[DATA FOR THIS TASK]
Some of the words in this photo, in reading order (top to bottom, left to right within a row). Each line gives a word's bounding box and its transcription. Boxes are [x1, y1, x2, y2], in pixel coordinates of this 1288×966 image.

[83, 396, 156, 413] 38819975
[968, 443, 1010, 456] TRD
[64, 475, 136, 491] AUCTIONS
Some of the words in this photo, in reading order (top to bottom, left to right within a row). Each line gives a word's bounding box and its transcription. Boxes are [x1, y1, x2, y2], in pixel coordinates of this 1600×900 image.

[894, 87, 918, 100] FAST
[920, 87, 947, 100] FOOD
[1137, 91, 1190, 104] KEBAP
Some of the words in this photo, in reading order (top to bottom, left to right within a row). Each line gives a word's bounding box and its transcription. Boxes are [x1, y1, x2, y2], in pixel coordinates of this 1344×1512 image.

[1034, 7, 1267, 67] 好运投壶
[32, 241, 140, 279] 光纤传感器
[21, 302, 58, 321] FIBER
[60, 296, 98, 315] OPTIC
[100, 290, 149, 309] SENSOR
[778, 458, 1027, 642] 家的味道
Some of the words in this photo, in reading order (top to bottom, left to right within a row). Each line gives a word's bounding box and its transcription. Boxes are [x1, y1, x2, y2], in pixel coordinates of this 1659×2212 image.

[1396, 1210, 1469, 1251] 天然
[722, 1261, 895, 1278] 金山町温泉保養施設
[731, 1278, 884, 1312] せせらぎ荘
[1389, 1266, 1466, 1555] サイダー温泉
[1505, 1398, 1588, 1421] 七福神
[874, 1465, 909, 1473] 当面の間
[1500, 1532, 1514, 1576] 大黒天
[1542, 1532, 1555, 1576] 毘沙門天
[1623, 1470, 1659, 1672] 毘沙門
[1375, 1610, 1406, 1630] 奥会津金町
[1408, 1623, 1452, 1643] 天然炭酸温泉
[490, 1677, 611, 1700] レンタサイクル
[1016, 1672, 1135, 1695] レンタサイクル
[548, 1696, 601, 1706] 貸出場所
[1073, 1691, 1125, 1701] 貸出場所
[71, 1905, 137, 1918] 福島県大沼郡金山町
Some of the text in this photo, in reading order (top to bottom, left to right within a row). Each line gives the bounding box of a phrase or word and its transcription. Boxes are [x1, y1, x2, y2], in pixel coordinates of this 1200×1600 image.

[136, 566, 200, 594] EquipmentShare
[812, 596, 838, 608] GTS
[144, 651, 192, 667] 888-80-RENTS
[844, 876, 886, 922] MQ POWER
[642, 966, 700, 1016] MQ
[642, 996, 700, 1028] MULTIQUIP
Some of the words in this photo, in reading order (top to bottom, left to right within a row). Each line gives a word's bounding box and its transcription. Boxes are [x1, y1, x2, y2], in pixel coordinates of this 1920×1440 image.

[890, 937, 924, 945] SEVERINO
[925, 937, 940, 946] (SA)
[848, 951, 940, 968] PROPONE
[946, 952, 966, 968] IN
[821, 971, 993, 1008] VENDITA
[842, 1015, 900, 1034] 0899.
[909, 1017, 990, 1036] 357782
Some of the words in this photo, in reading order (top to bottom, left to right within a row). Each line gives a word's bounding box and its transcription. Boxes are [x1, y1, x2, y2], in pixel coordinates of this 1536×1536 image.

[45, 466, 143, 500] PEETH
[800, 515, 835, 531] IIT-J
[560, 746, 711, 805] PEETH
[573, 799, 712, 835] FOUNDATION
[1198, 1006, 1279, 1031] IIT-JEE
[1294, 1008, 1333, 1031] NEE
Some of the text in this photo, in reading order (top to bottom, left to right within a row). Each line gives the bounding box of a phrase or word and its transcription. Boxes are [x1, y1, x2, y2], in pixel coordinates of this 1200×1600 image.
[/DATA FOR THIS TASK]
=== TASK BRIEF ===
Your task is to extract the lines running from the one with "this 1920×1440 image." to the end of the material, inclusive, copying each exactly and adding nothing.

=== ANSWER TO THE EXERCISE ===
Some of the words in this photo, in reading order (top to bottom, left to right within a row). Each line gives a word's bounding box and its transcription. Boxes are [x1, y1, x2, y2], in pixel coordinates of this 1920×1440 image.

[890, 937, 924, 945] SEVERINO
[925, 937, 940, 946] (SA)
[848, 951, 940, 968] PROPONE
[946, 952, 966, 968] IN
[821, 971, 993, 1008] VENDITA
[842, 1015, 900, 1034] 0899.
[909, 1017, 990, 1036] 357782
Some of the words in this photo, in reading order (top to bottom, left to right within a row). Each line gives a word's bounding box and its transcription. Boxes are [x1, y1, x2, y2], in pixel coordinates of this 1536×1536 image.

[45, 466, 143, 500] PEETH
[800, 515, 835, 531] IIT-J
[560, 746, 711, 805] PEETH
[573, 799, 712, 835] FOUNDATION
[1198, 1006, 1279, 1031] IIT-JEE
[1294, 1008, 1333, 1031] NEE
Some of the text in this photo, in reading order (top to bottom, left to right within a row). Each line gives the bounding box of a phrase or word and its transcription. Boxes are [x1, y1, x2, y2], in pixel coordinates of this 1200×1600 image.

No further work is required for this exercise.